Raleigh News & Observer Examines North Carolina’s HIV Nucleic Acid Testing Program
The Raleigh News & Observer on Tuesday examined North Carolina's nucleic acid testing program -- which can detect HIV two to three weeks earlier than standard screening -- and its influence on HIV testing programs both nationally and internationally. Since North Carolina presented results of its NAT program at a conference in 2004, "nearly a dozen major public health centers nationally have established similar programs or plan to do so," and health care providers worldwide are examining it, the News & Observer reports (Fisher, Raleigh News & Observer, 3/21). Nucleic acid testing, which was developed in 1999, is used to test units of donated blood for HIV. NAT can detect minute amounts of viral genetic material in pooled plasma samples by amplifying gene fragments of the virus. If a pool tests positive for HIV, the individual sample can be detected and removed for further processing, and the donor can be deferred and notified. Because NAT looks for the virus and not antibodies, health professionals are able to identify HIV-positive patients in the days immediately following infection -- when they are most contagious (Kaiser Daily HIV/AIDS Report, 5/6/05). North Carolina's program includes both standard screening and NAT, and those who test positive usually are notified within 72 hours and counseled to begin antiretroviral drug treatment, according to Evelyn Foust, head of the state's HIV-prevention branch. The state then interviews HIV-positive people and attempts to contact people to whom they might have transmitted the virus (Raleigh News & Observer, 3/21).

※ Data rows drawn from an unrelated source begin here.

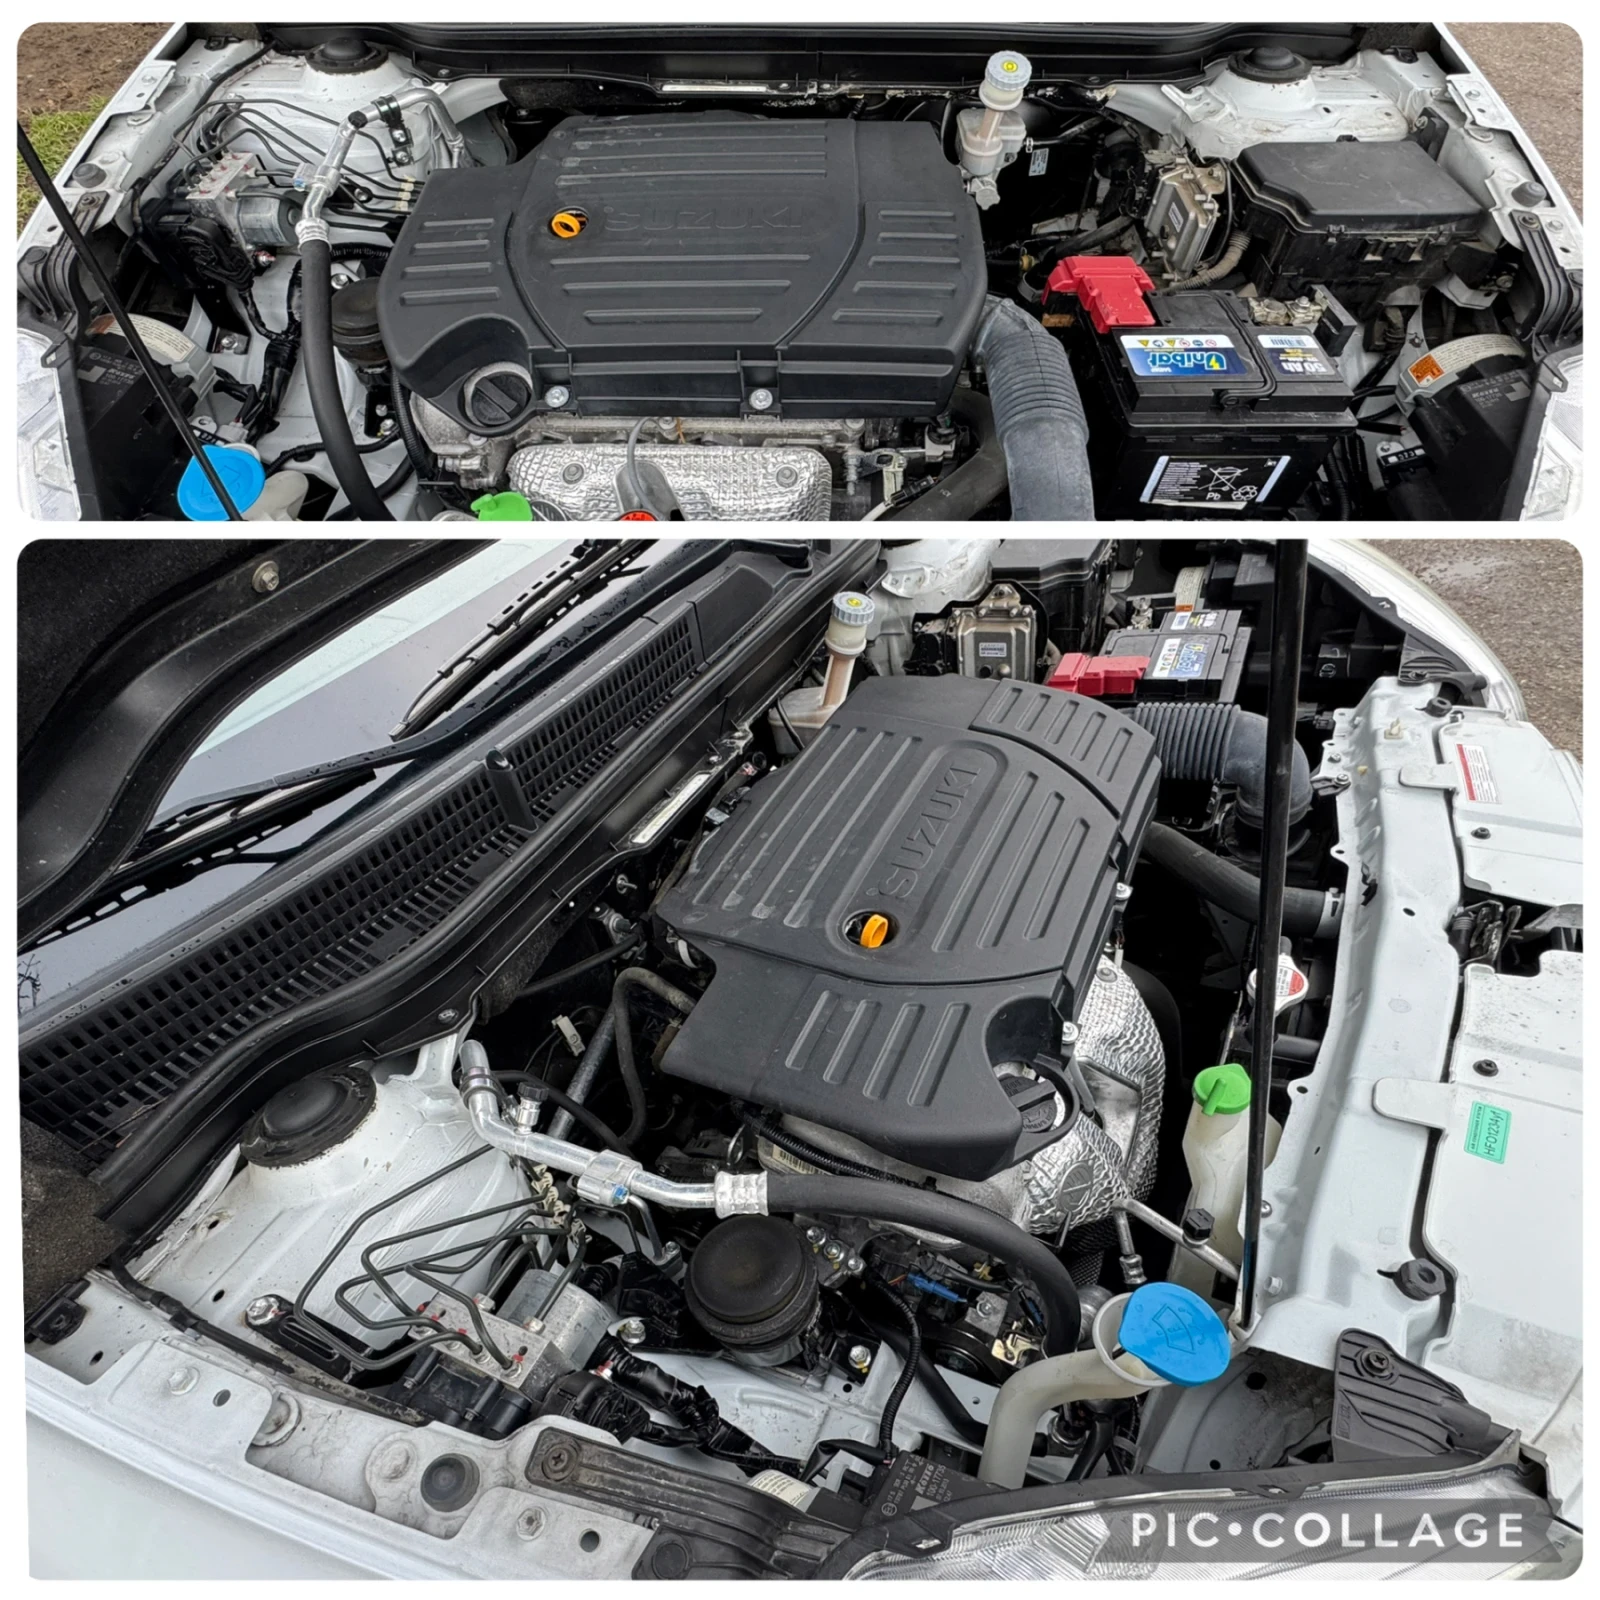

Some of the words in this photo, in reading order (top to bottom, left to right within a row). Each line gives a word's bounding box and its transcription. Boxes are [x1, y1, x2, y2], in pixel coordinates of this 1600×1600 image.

[604, 206, 802, 231] SUZUKI
[1147, 351, 1228, 371] Unibat
[1303, 362, 1327, 372] 50
[1206, 492, 1221, 500] Pb
[880, 766, 982, 899] SUZUKI
[1484, 1110, 1504, 1156] HFO1234yf
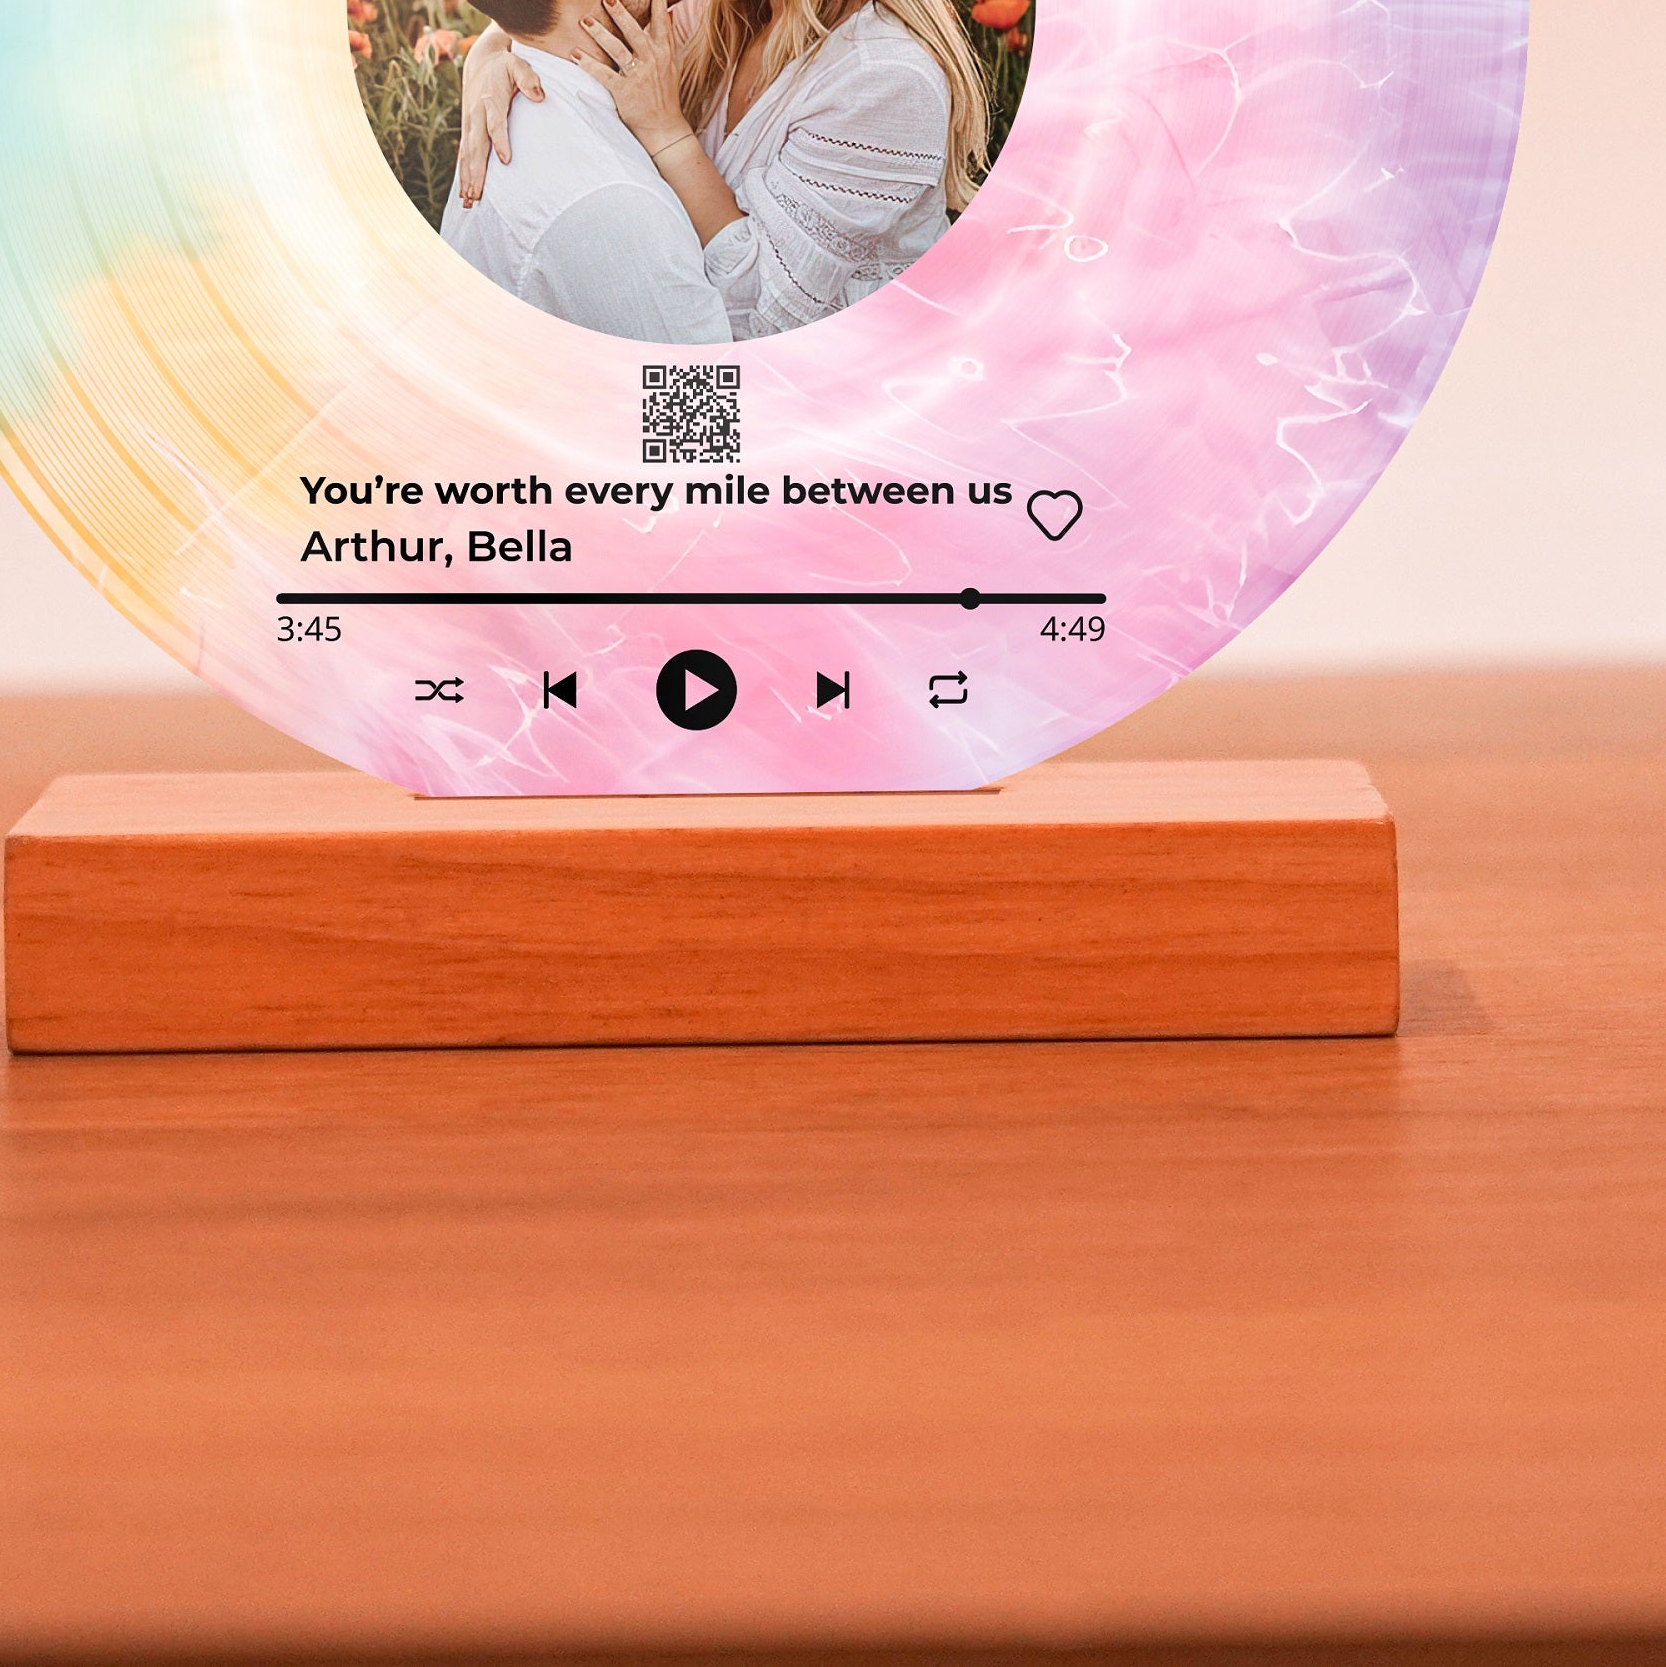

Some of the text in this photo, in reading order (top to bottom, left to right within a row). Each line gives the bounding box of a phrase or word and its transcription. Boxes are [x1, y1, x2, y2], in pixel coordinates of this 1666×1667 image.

[299, 473, 1013, 512] You’re worth every mile between us
[300, 529, 573, 569] Arthur, Bella
[277, 615, 342, 642] 3:45
[1040, 615, 1106, 642] 4:49

Researchers at the University of North Carolina-Chapel Hill -- in collaboration with the North Carolina Division of Public Health -- in the May 5, 2005, issue of the New England Journal of Medicine published results from 109,250 patients tested between November 2002 and October 2003 at state-funded testing sites. They found 583 HIV-positive people using standard HIV antibody testing but identified an additional 23 cases when they used NAT (Kaiser Daily HIV/AIDS Report, 5/6/05). According to the News & Observer, North Carolina's program has found that about 4% of people have falsely tested HIV-negative with standard screening. North Carolina between November 2002 and April 2005 also diagnosed five pregnant women as acutely HIV-positive -- meaning that they were in the early stages in HIV-infection -- and prevented mother-to-child transmission of the virus in all five cases. North Carolina spends about $300,000 in state funds and tests about 120,000 people annually for the virus using NAT, according to Peter Leone, medical director of the state's HIV prevention branch. He added that because public health experts estimate that preventing one HIV case saves about $300,000 in lifetime treatment costs, preventing one or two cases annually pays for the program (Raleigh News & Observer, 3/21).